O foco da pesquisa, iniciada em maio do ano passado e com coletas de material feitas em dois hospitais e espaços públicos de BH, está na 'caminhada' feita pelos aerossóis atmosféricos no ar logo após serem gerados pelo emissor. Os aerossóis são partículas microscópicas invisíveis com baixo peso e baixa massa.
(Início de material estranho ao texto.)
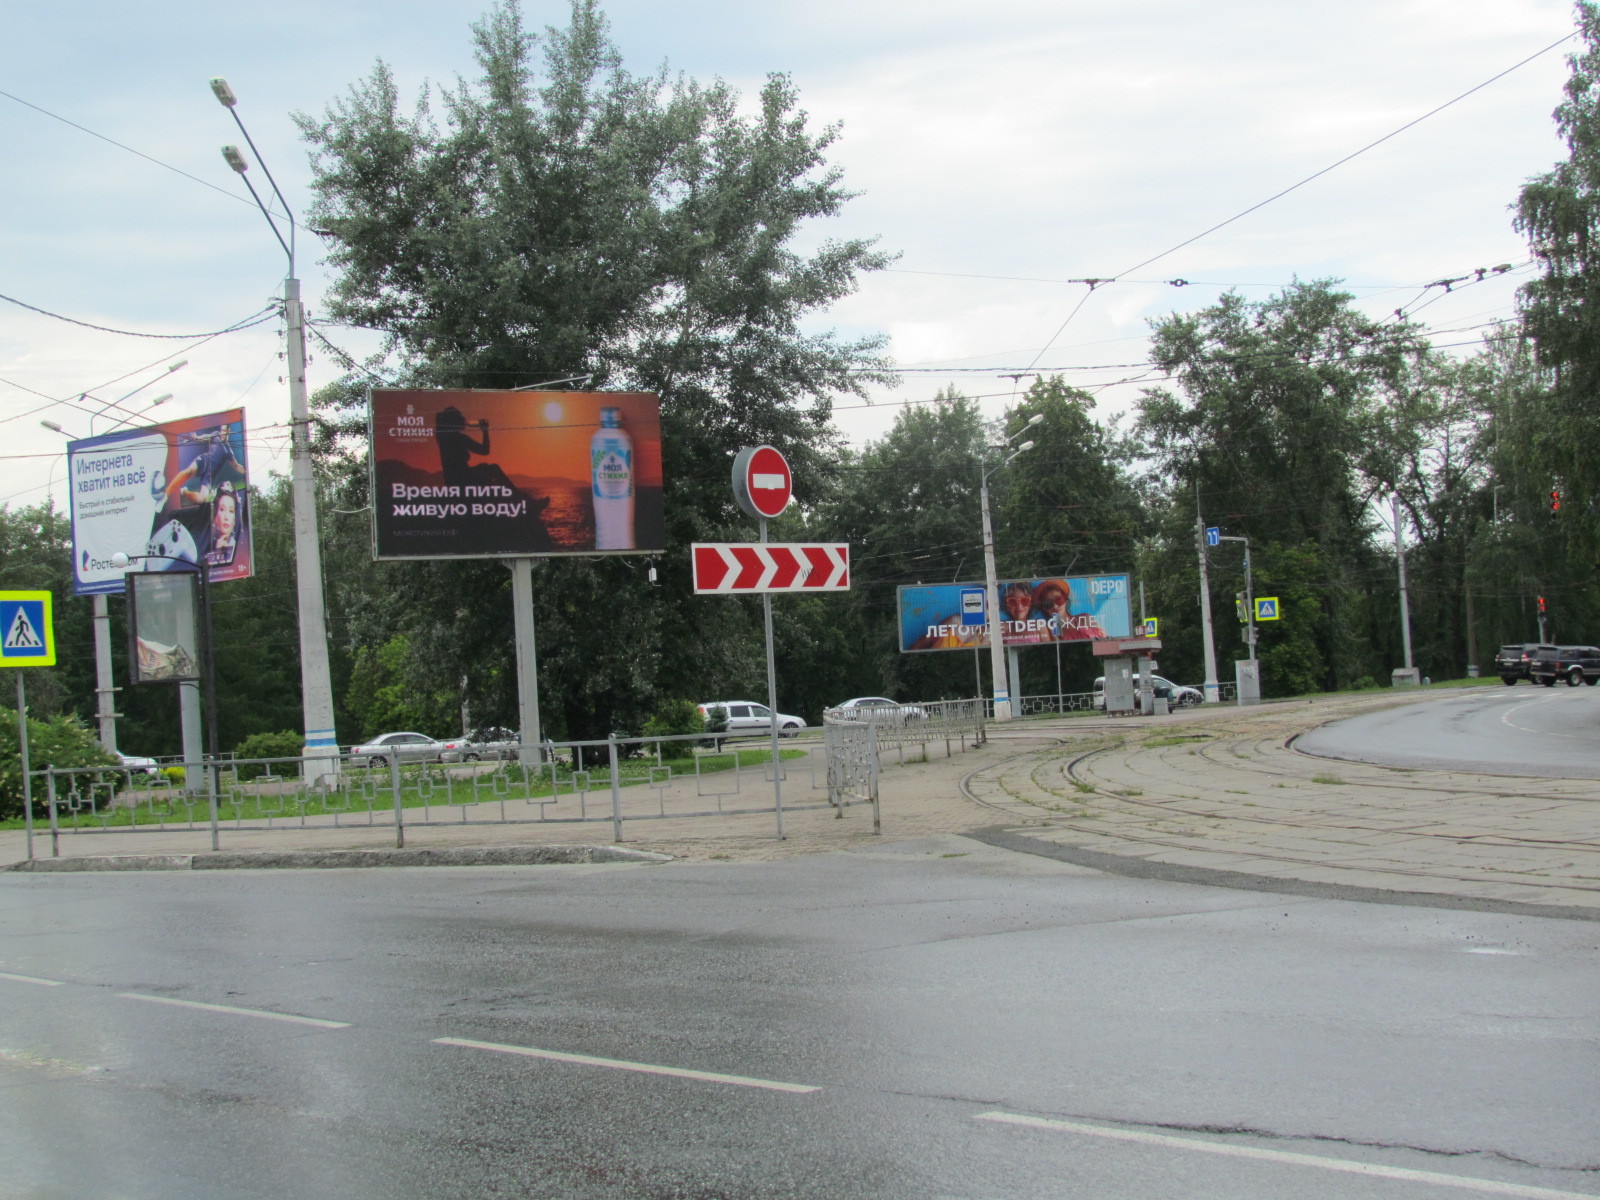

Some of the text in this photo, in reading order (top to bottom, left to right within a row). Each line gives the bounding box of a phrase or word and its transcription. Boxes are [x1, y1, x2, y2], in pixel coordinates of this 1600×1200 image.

[397, 416, 424, 426] МОЯ
[389, 427, 434, 437] СТИХИЯ
[77, 454, 133, 475] Интернета
[78, 467, 146, 493] хватит на всё
[599, 472, 628, 480] СТИХИЯ
[392, 483, 513, 501] Время пить
[392, 499, 527, 519] живую воду!
[91, 558, 138, 570] Ростеом
[238, 564, 247, 572] 18+
[1091, 580, 1123, 595] DEPO
Eles são muito menores do que as gotículas de saliva, que podem ser vistas a olho nu.

"Esses aerossóis são formados até mesmo durante a fala, grito, canto, respiração e tosse de uma pessoa contaminada, principalmente se não estiver de máscara, ou pela evaporação de parte dessas gotículas visíveis, que sofrem redução de tamanho e passam a ser invisíveis e 'flutuarem' no ar", explicou Ricardo Gomes Passos, pesquisador do CDTN, responsável pelo estudo.

De acordo com Ricardo, a pesquisa mostrou que, após gerado, o aerossol contendo o vírus causador da Covid faz um percurso pelo ar e pode ficar suspenso e concentrado na atmosfera por período estimado entre duas e quatro horas.
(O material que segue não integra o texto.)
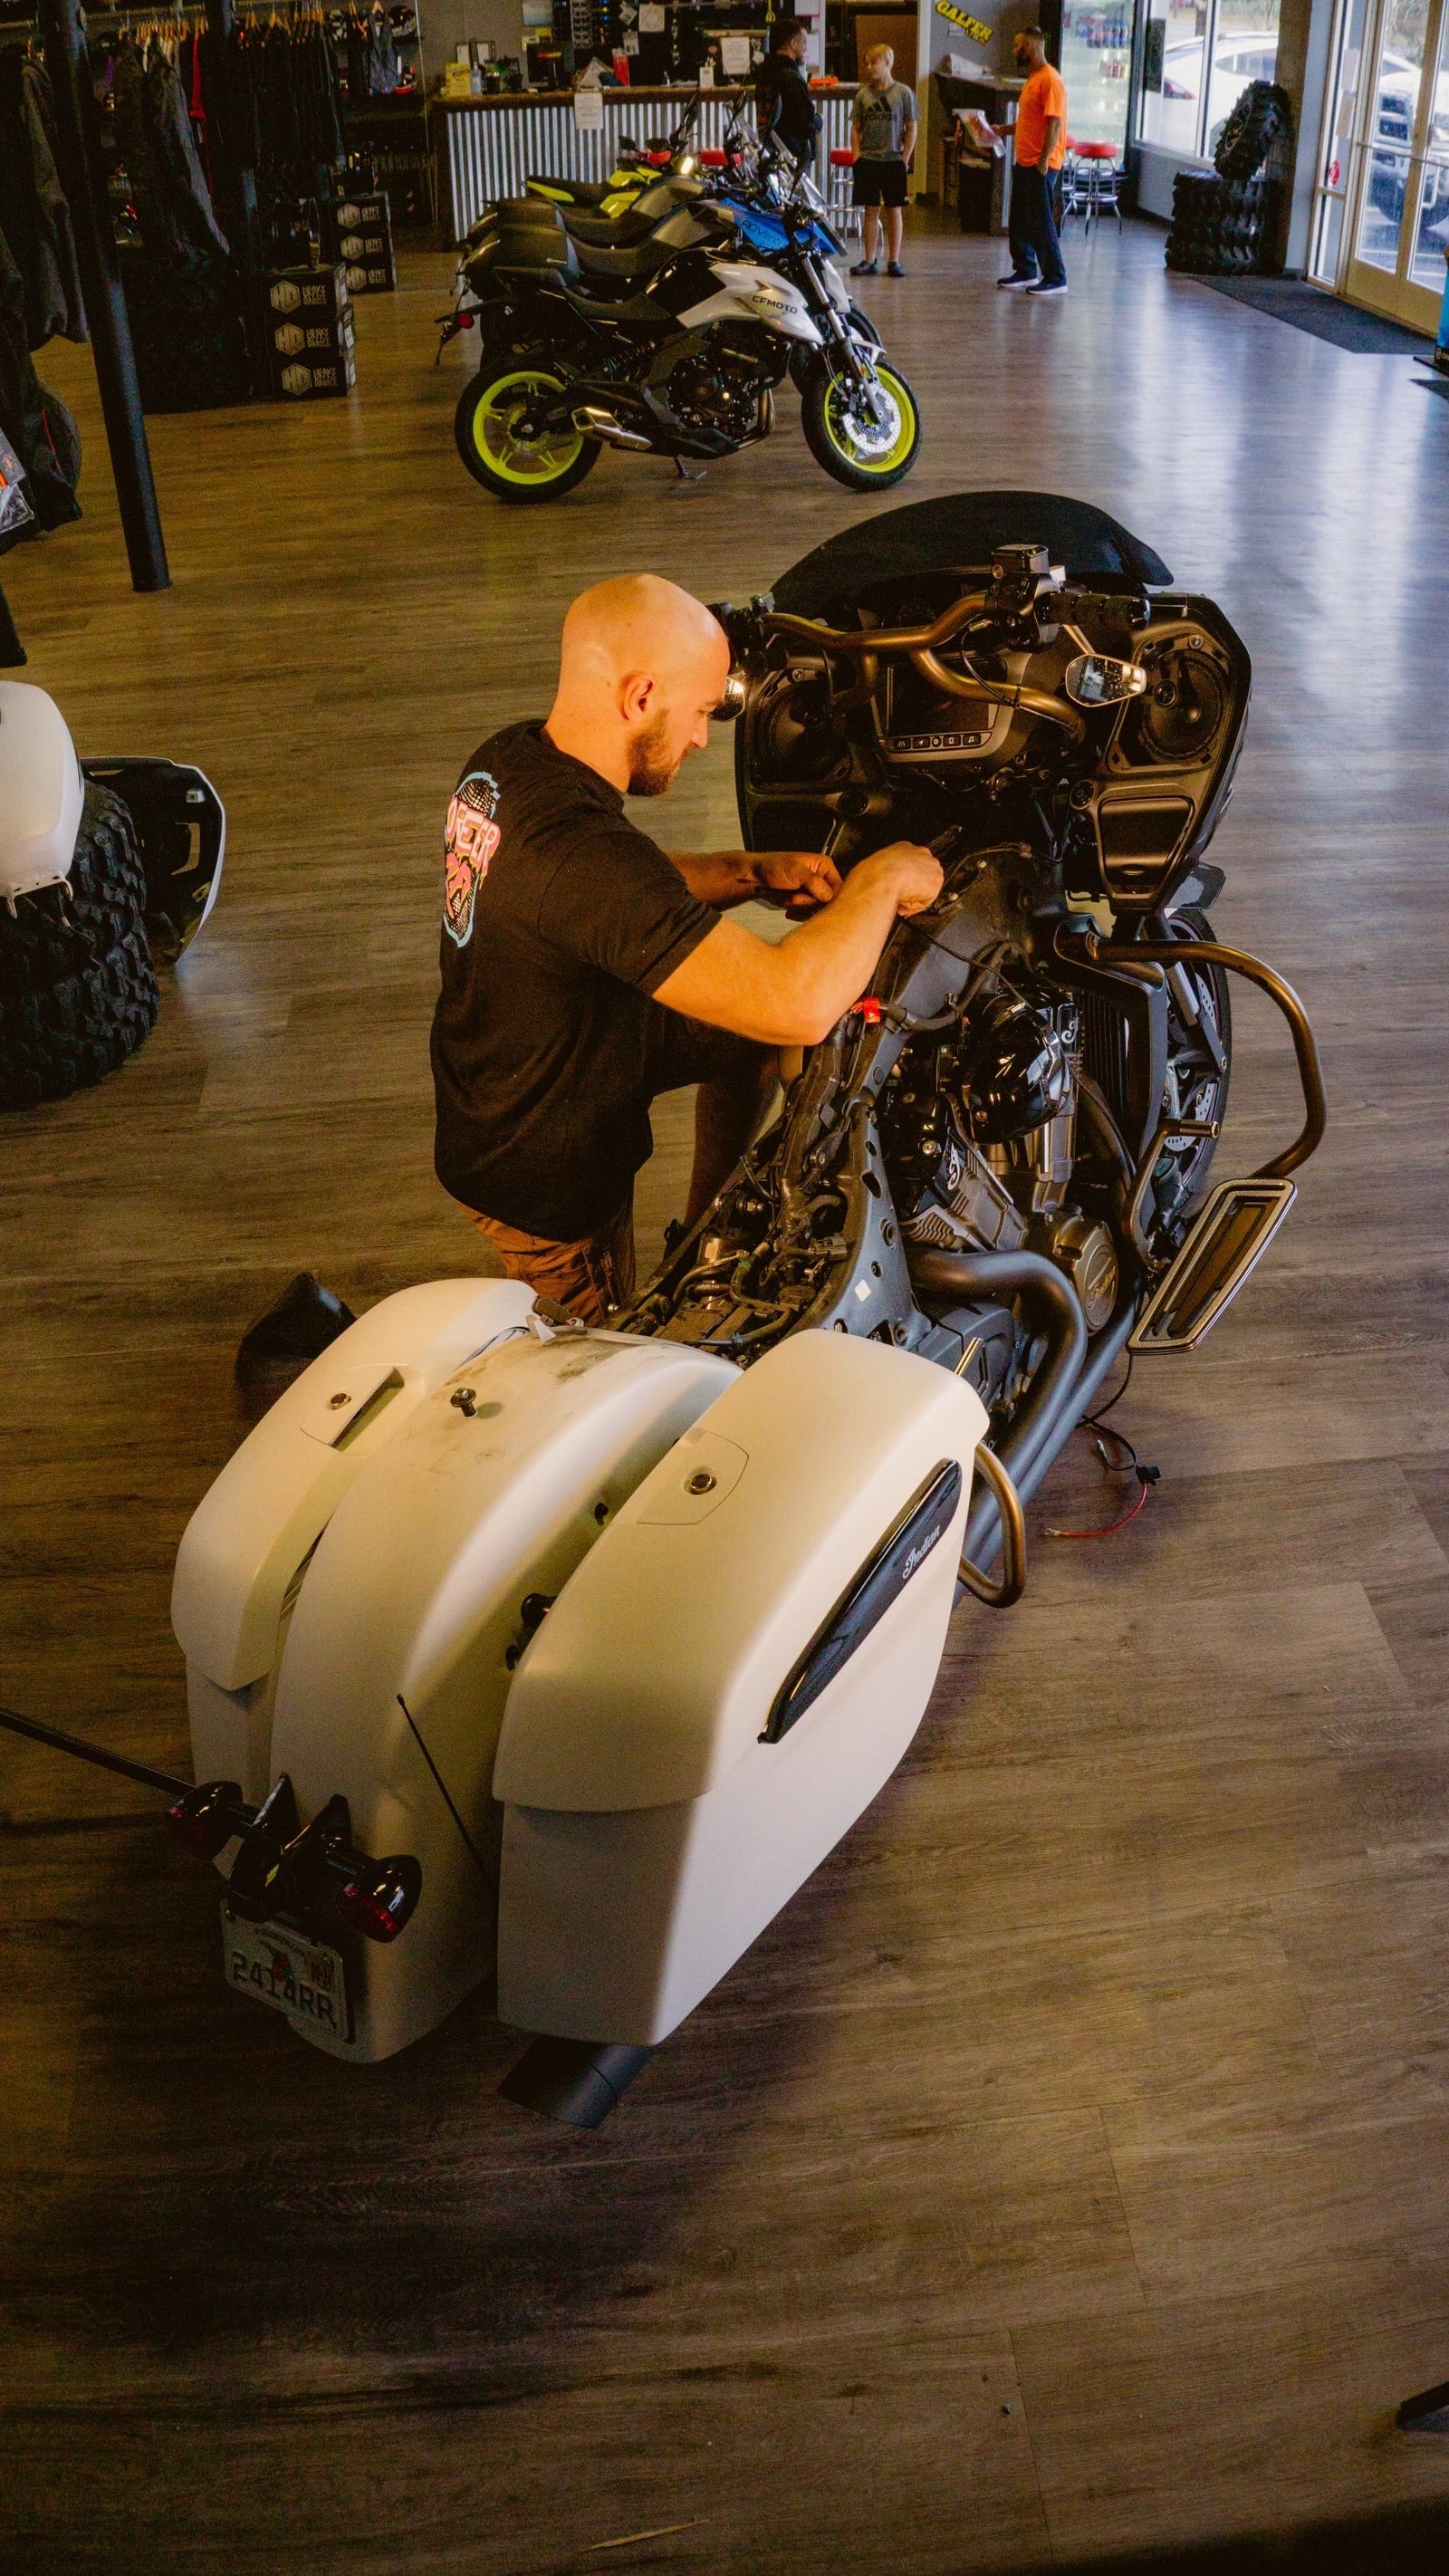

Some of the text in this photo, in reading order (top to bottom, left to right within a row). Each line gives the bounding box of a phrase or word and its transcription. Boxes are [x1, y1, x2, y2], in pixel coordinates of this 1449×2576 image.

[936, 0, 993, 43] GALFER
[752, 294, 797, 314] CFMOTO
[902, 1524, 941, 1580] Indian
O tempo exato dessa permanência no ar não foi foco da pesquisa. Conforme o pesquisador, "cada caso é um caso" e a quantidade de tempo em que o vírus fica suspenso vai depender de diversos fatores, como a quantidade de pessoas infectadas em um mesmo espaço, o tamanho do ambiente e o nível de circulação de ar presente nesse local.

Circulação de ar

"Imagine uma pessoa que está infectada e não sabe. Ela está em um restaurante, seguindo os protocolos, passando álcool e se sentando com distanciamento. Ela tira a máscara. Mesmo com a distância, estando infectada, ela vai gerar aerossóis que, dependendo da condição de circulação de ar, podem se acumular", explicou.

Segundo ele, a preocupação com o uso do álcool em gel e máscara deve continuar, devido à possibilidade de transmissão por gotículas ou mesmo por contato com a superfície de objetos e móveis. No entanto, a infecção ocasionada por aerossóis é tão importante quanto e ainda recebe pouca atenção.

"É uma questão de necessidade de atualização dos protocolos de segurança. Neles, não é mencionada a ventilação, para evitar que os aerossóis se concentrem no ambiente. Em alguns países, como a China, os protocolos já foram atualizados", afirmou o pesquisador.

Conforme o estudioso, enquanto a desinfecção de mesas com álcool controla a transmissão, por exemplo, o contágio via aerossóis é agravado devido à capacidade deles de permanecerem no ar por longos períodos.

"Essa questão poderia ser controlada de forma mais eficaz com um sistema obrigatório de ventilação em ambientes fechados, ventilação natural ou mesmo mecânica", pontuou.

Conforme o estudo, em ambientes externos, onde há circulação de ar, as amostras negativaram para o SARS-CoV-2 - vírus da Covid. A hipótese, segundo a pesquisa, é que os riscos sejam mais reduzidos nesses locais abertos devido à "alta dispersão que pode ocorrer com os aerossóis".

O estudo

A pesquisa sobre a presença do coronavírus no ar teve início com a coleta de 62 amostras de ar, entre maio e agosto de 2020, em BH. Do total, 52 delas foram colhidas em ambientes externos e internos de dois hospitais da capital, que não tiveram o nome divulgado; e outras 10 em espaços públicos da cidade.

Os centros médicos escolhidos, conforme o estudo, têm infraestruturas diferentes para o controle de contaminação, incluindo áreas dedicadas a pacientes com suspeita ou infectados com Covid-19, e espaços sem pacientes confirmados ou suspeitos com a doença.

"O estudo reúne evidências da possibilidade maior de dispersão do vírus em espaços fechados com circulação de ar insuficiente, nos quais a taxa de troca de ar costuma ser muito menor do que o necessário, na presença de indivíduos tossindo, espirrando ou gritando, especialmente quando os protocolos de uso de máscara e distanciamento não são respeitados", informou o CDTN, em nota.

As análises, feitas pelo CDTN, instituição ligada à Comissão Nacional de Energia Nuclear (CNEN) e ao Ministério de Ciência e Tecnologia e Inovações (MCTI), tiveram colaboração do Laboratório de Vírus da UFMG.

Além da pesquisa sobre a presença do coronavírus no ar, o CDTN realizará análise de aerossóis nas estações de tratamento de esgoto e nas casas de pessoas com Covid-19. Conforme o instituto, o objetivo é aferir os riscos de transmissão nesses locais, e projetar estratégias de cuidado e prevenção do contágio pelo ar.